A month ago she was out with her friends and they got drunk, which isn’t unusual. However, she posted a message in the family chat back then, although she probably only meant to send it to our dad whom she’s closest with. He also was the only one that got addressed directly.

Paraphrased, the message was as follows: “Have you ever thought about what would have been if Ben was still alive? That’s why I’m running up and down the hallway every day. I can’t take this anymore. Please, dad, I want to talk that out sober but I’m scared that you won’t understand. Nothing is working anymore. It’s not normal to cry all the time. I need help.”

Ben was our brother but he died seven years before she was even born. Our parents told us, it’s not a taboo subject. We all were born after him, my sister is the youngest.

The day after the message, everyone was quite pensive. When she came home, our dad talked with her but I don’t know how that went because nobody else was there and our dad never brought it up.

The topic wasn’t mentioned again since, my sister is not in therapy, she seems completely okay, nothing is out of the ordinary. Except she is still running down the hallway every now and then, though more infrequently.

I’m worried about her but she won’t talk with me. I don’t know if she talks with anybody about her issues. I just really don’t know what to do.

If your sister is unwilling to talk to you, you can’t force her to do so. All you can do is suggest that she seek help. If she’s interested and wants to take your advice, she will. Otherwise, she may not. Unfortunately, your power is limited.

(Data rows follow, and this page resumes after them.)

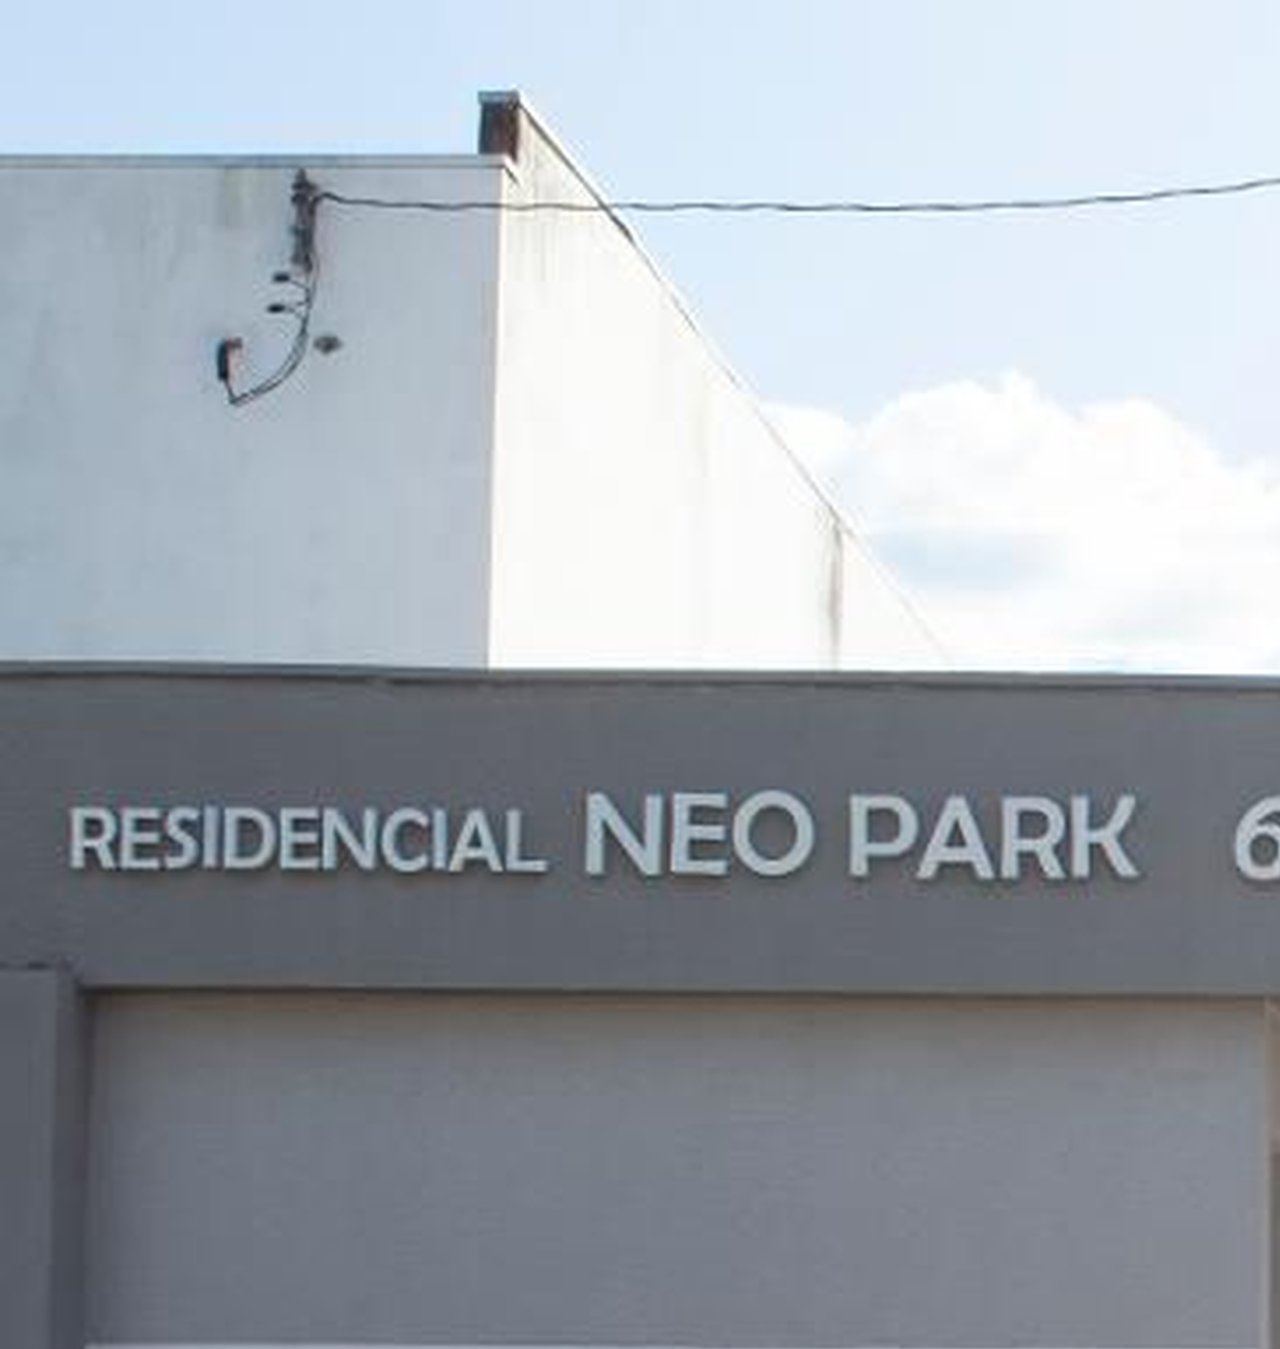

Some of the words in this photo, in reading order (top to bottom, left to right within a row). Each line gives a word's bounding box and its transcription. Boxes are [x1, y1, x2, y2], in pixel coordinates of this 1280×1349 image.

[68, 804, 548, 872] RESIDENCIAL
[583, 790, 815, 876] NEO
[848, 794, 1139, 880] PARK
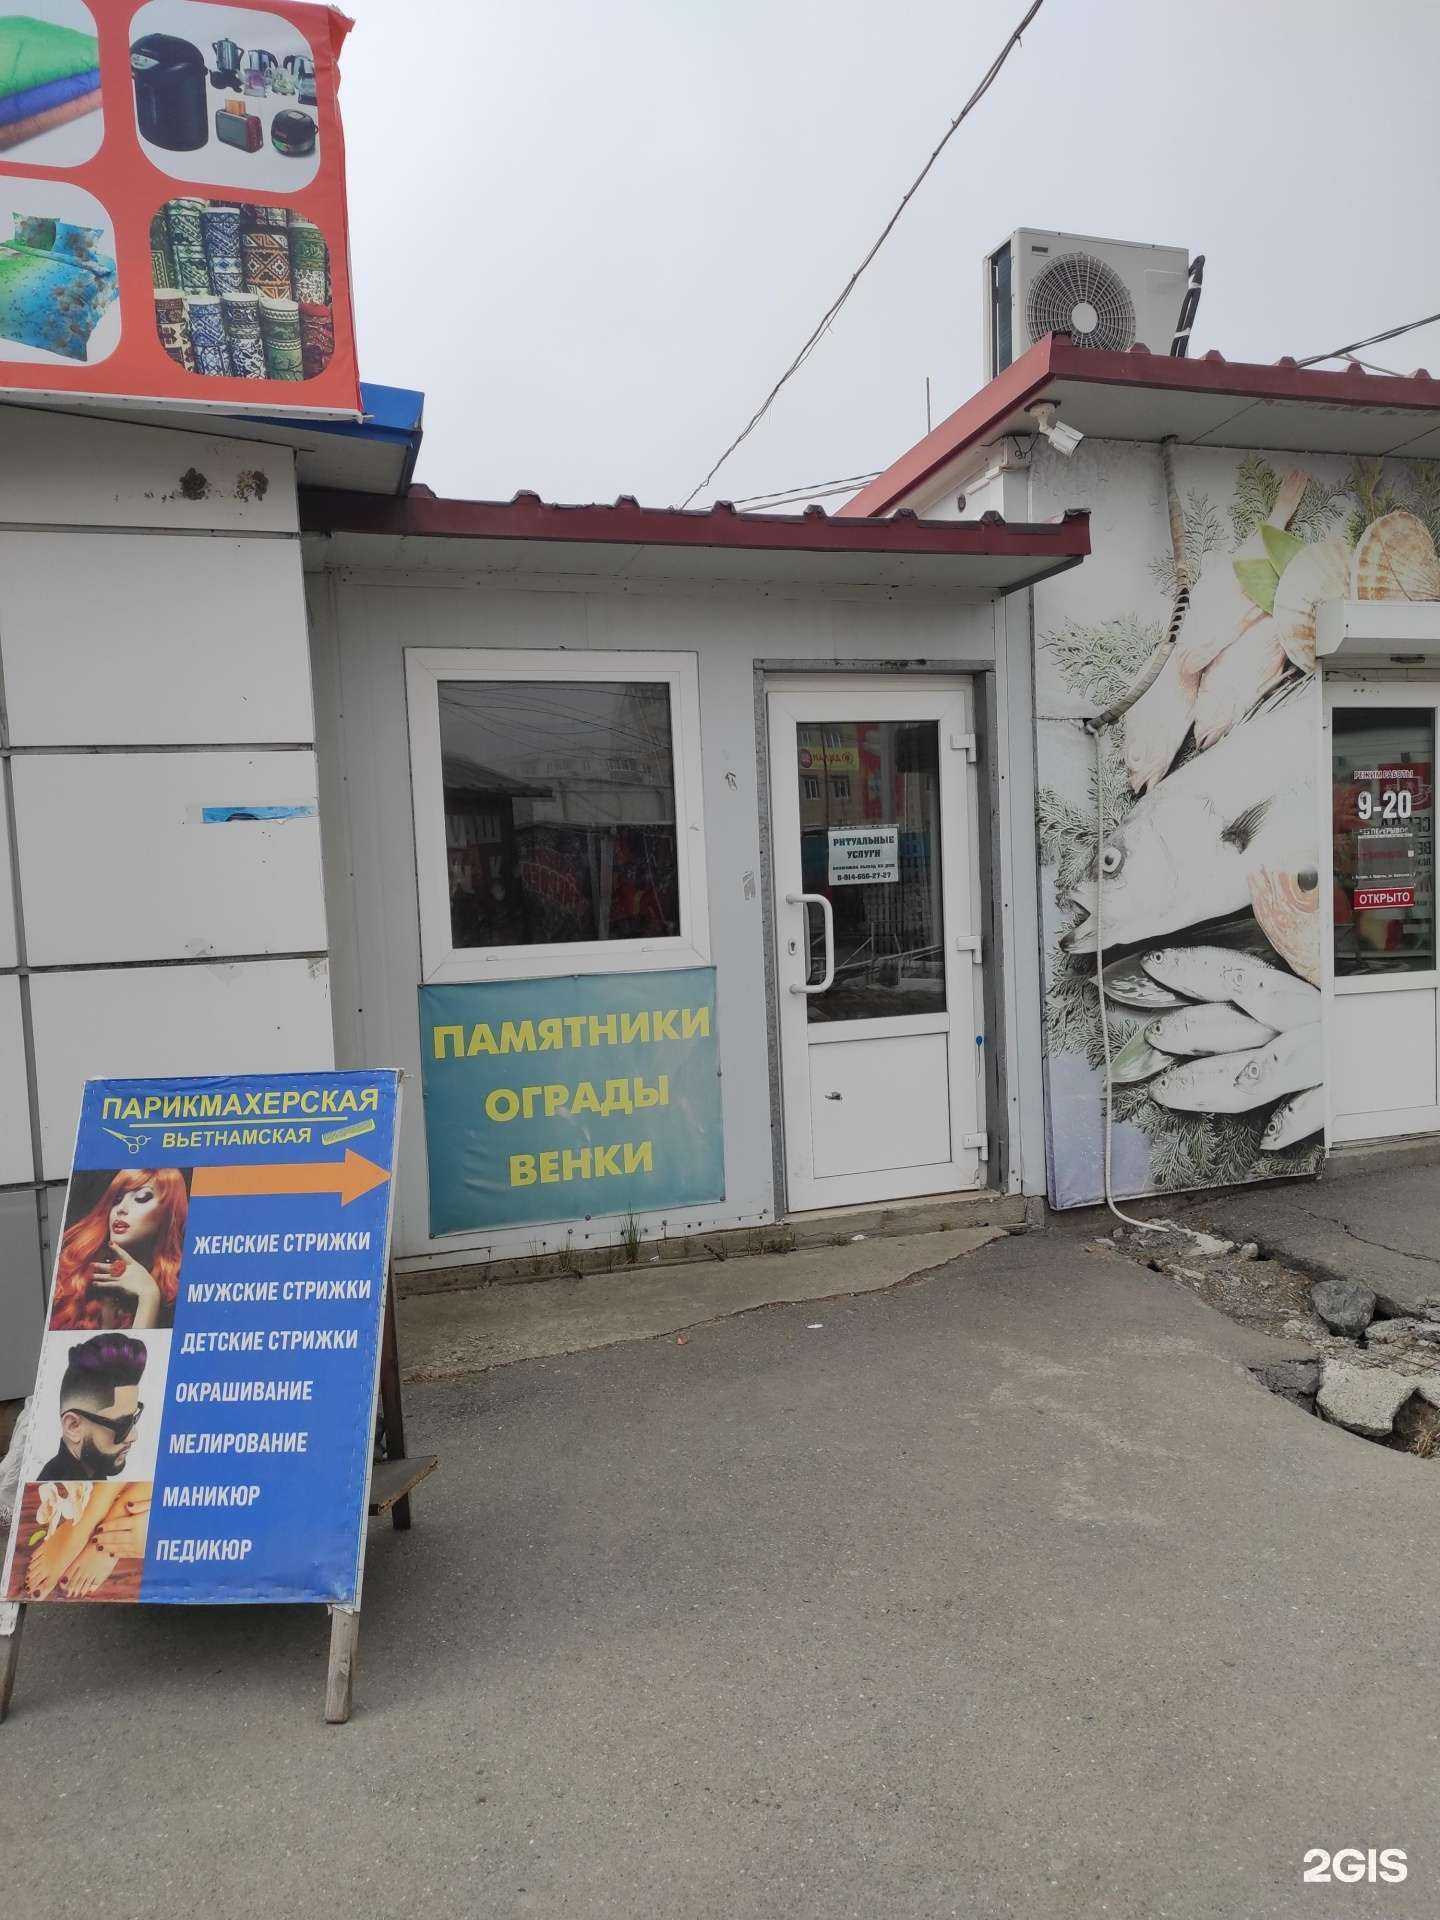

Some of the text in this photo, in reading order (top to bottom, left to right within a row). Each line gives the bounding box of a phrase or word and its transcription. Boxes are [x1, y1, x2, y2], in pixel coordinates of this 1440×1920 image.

[1358, 790, 1412, 820] 9-20
[833, 836, 895, 847] РИТУАЛЬНЫЕ
[847, 849, 881, 859] УСЛУГИ
[1359, 892, 1410, 905] ОТКРЫТО
[432, 1006, 711, 1059] ПАМЯТНИКИ
[101, 1088, 379, 1120] ПАРИКМАХЕРСКАЯ
[485, 1075, 670, 1122] ОГРАДЫ
[162, 1127, 312, 1149] ВЬЕТНАМСКАЯ
[509, 1141, 653, 1187] ВЕНКИ
[193, 1232, 371, 1255] ЖЕНСКИЕ СТРИЖКИ
[187, 1280, 371, 1303] МУЖСКИЕ СТРИЖКИ
[180, 1329, 358, 1355] ДЕТСКИЕ СТРИЖКИ
[175, 1380, 314, 1403] ОКРАШИВАНИЕ
[169, 1432, 309, 1454] МЕЛИРОВАНИЕ
[162, 1485, 261, 1507] МАНИКЮР
[156, 1539, 252, 1563] ПЕДИКЮР

People have to want to seek help. You cannot force someone into treatment except in cases of imminent danger to self or to others. Short of that extreme circumstance, encouragement is your best course of action.

You might also try suggesting family therapy. Since these issues involve both your father and deceased brother, your family could benefit from counseling. Again, you can suggest it but the family would have to agree to participate. It’s not something you can force. Make suggestions but realize there are limitations.

Even if the advice your offering is good, it doesn’t mean it’s going to be taken. That is a difficult lesson to learn in life. I wish you and your family the best of luck. Thanks for writing.